De nos jours, la partie semblait gagnée par la liberté commerciale ; mais, depuis quelques années, elle perd du terrain et nous revenons peu à peu au régime protecteur. Est-ce que M. Renan aurait raison de dire que l'économie politique n'est qu'un éternel dialogue entre deux systèmes, dont l'un n'arrivera jamais à supplanter l'autre, ni à le convaincre d'erreur absolue ?

Si Colbert a fait des tarifs protecteurs et a entravé la liberté du commerce, c'était pour protéger l'industrie qu'il créait : il a fait ce qu'avait fait Cromwell par l'acte de navigation ; il a fait ce que viennent de faire les États-Unis et le prince de Bismarck, et il avait raison ; il agissait dans l'intérêt du pays et non pas dans l'intérêt exclusif du producteur, et je pense que, quand un pays a une industrie bien établie et florissante, la protection n'est plus qu'une prime accordée à l'intérêt personnel du producteur, ce qui est injuste, et à sa routine, ce qui est inepte.

A son arrivée aux affaires, Colbert trouvait les Hollandais entièrement maîtres du commerce de la France et de ses colonies. La France n'avait qu'une faible marine marchande ; le cabotage de port à port, sur nos côtes, se faisait par des bâtiments hollandais ; avec ses 15.000 bâtiments de commerce, la Hollande faisait à elle seule tous les transports maritimes et réalisait ainsi d'immenses bénéfices.

Si les Hollandais nous achetaient nos vins de Bordeaux, notre blé dans les temps de nécessité, nos eaux-de-vie, nos vinaigres, quelques toiles, des papiers, quelques merceries, en revanche, ils nous vendaient : draperies, tissus de laine, sucres, tabac et indigo des îles de l'Amérique ; épiceries, drogues, soie, étoffes de coton et cuirs des Indes orientales et du Levant ; bois ; mâts ; fer de Suède et de Galice ; cuivre ; goudron ; canons de fer ; chanvre ; cordages ; fer blanc et noir ; cuivre jaune ; ustensiles de pilote ; boulets ; ancres ; poudres ; mèches ; mousquets ; plomb ; draperies et serges de Londres ; bas de soie et bas de laine d'Angleterre ; bouracans, damas et camelots de Flandre ; points de Venise et de Hollande ; passements de Flandre ; moquettes de Flandre ; bœufs et moutons d'Allemagne ; cuirs de tous pays ; soieries de Milan, de Gênes et de Hollande. En réalité, ils fournissaient à la France la presque totalité des marchandises dont elle avait besoin ; ils étaient les seuls maîtres du commerce de nos Antilles. Incontestablement, ils jouaient en France un rôle qui les enrichissait, mais nous appauvrissait de plus en plus, qui tuait tout travail chez nous, et nous réservait le sort du Portugal, exploité si longtemps et ruiné par les Anglais.

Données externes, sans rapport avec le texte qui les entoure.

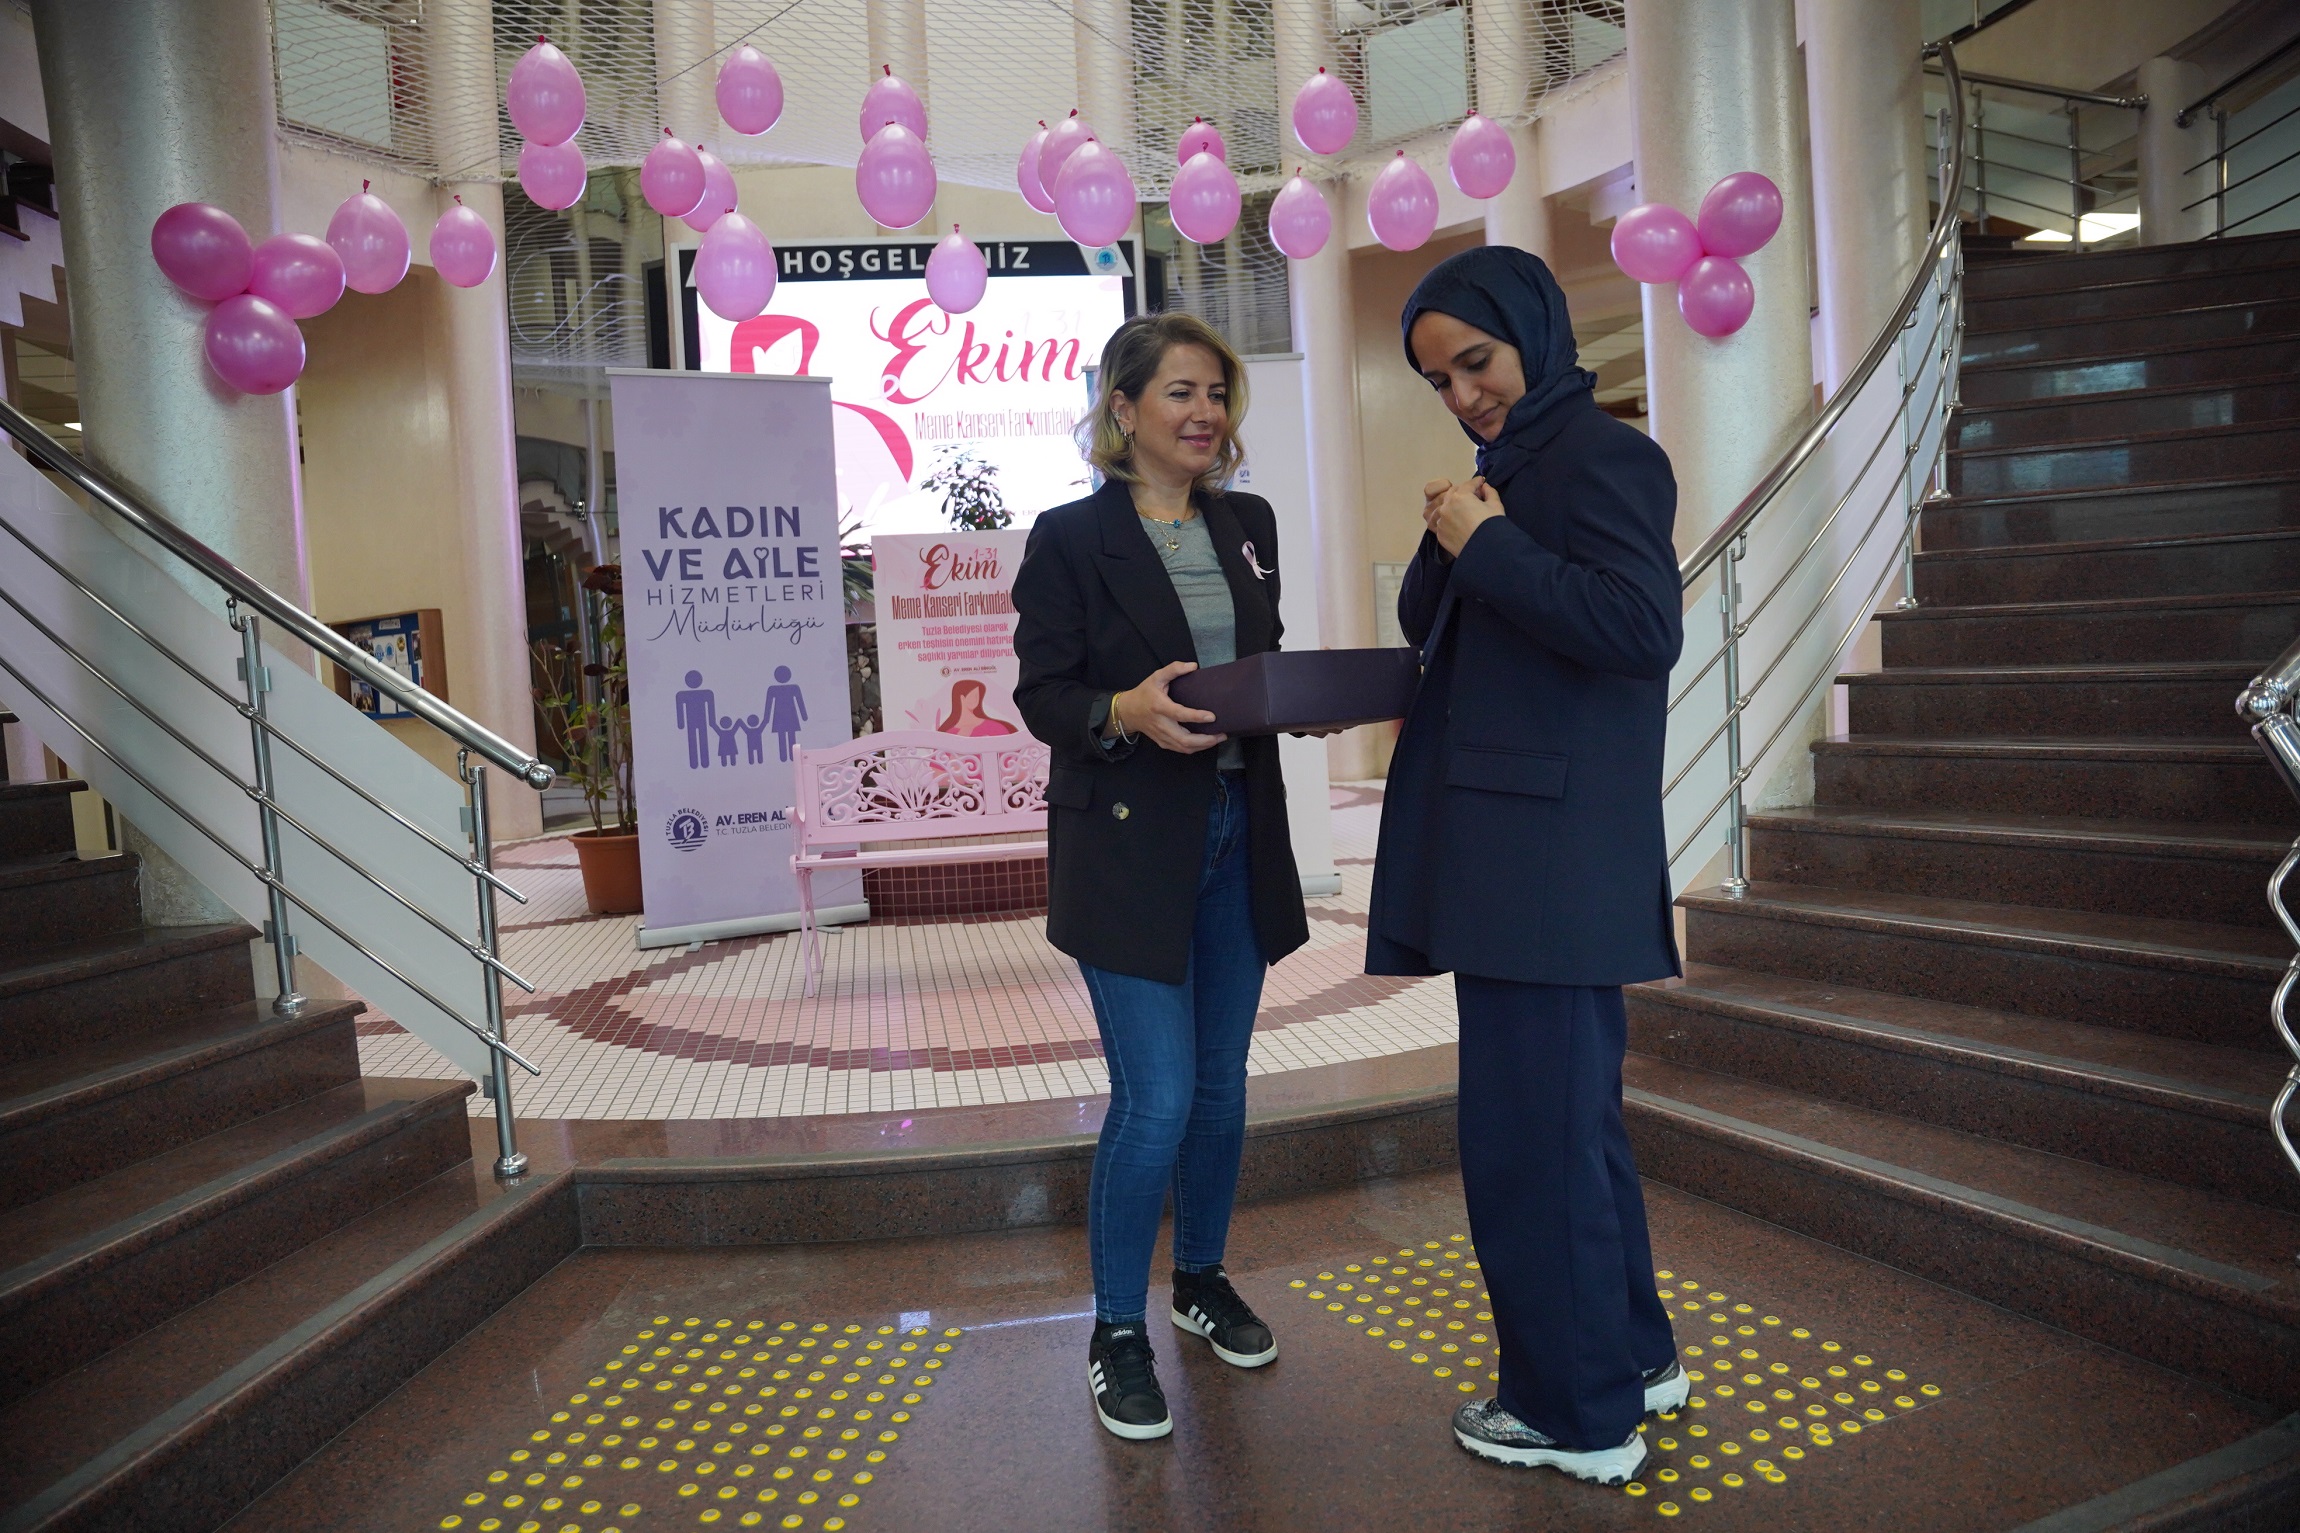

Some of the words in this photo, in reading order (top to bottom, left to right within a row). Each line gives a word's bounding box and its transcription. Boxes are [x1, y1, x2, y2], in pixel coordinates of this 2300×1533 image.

Quelque partisan que l'on puisse être de la liberté du commerce, il faut bien convenir que Colbert avait raison de faire cesser cet état de choses, tout en se réservant le droit de blâmer certaines mesures maladroites.

Il ferma le marché français à la Hollande, comme Cromwell avait fermé le marché anglais aux bâtiments hollandais. Il opposa au commerce hollandais des tarifs sur toutes les marchandises importées en France ; il leur ferma nos colonies par le pacte colonial ; il fonda de grandes compagnies coloniales pour fournir la France des produits de l'Inde, du Levant et de l'Amérique ; il créa de nombreuses industries destinées à donner à la France les produits industriels que lui avaient vendus jusqu'alors les Hollandais ; il développa la marine marchande ; il força la France à travailler, à produire et à aller chercher elle-même dans les pays étrangers ce dont elle avait besoin.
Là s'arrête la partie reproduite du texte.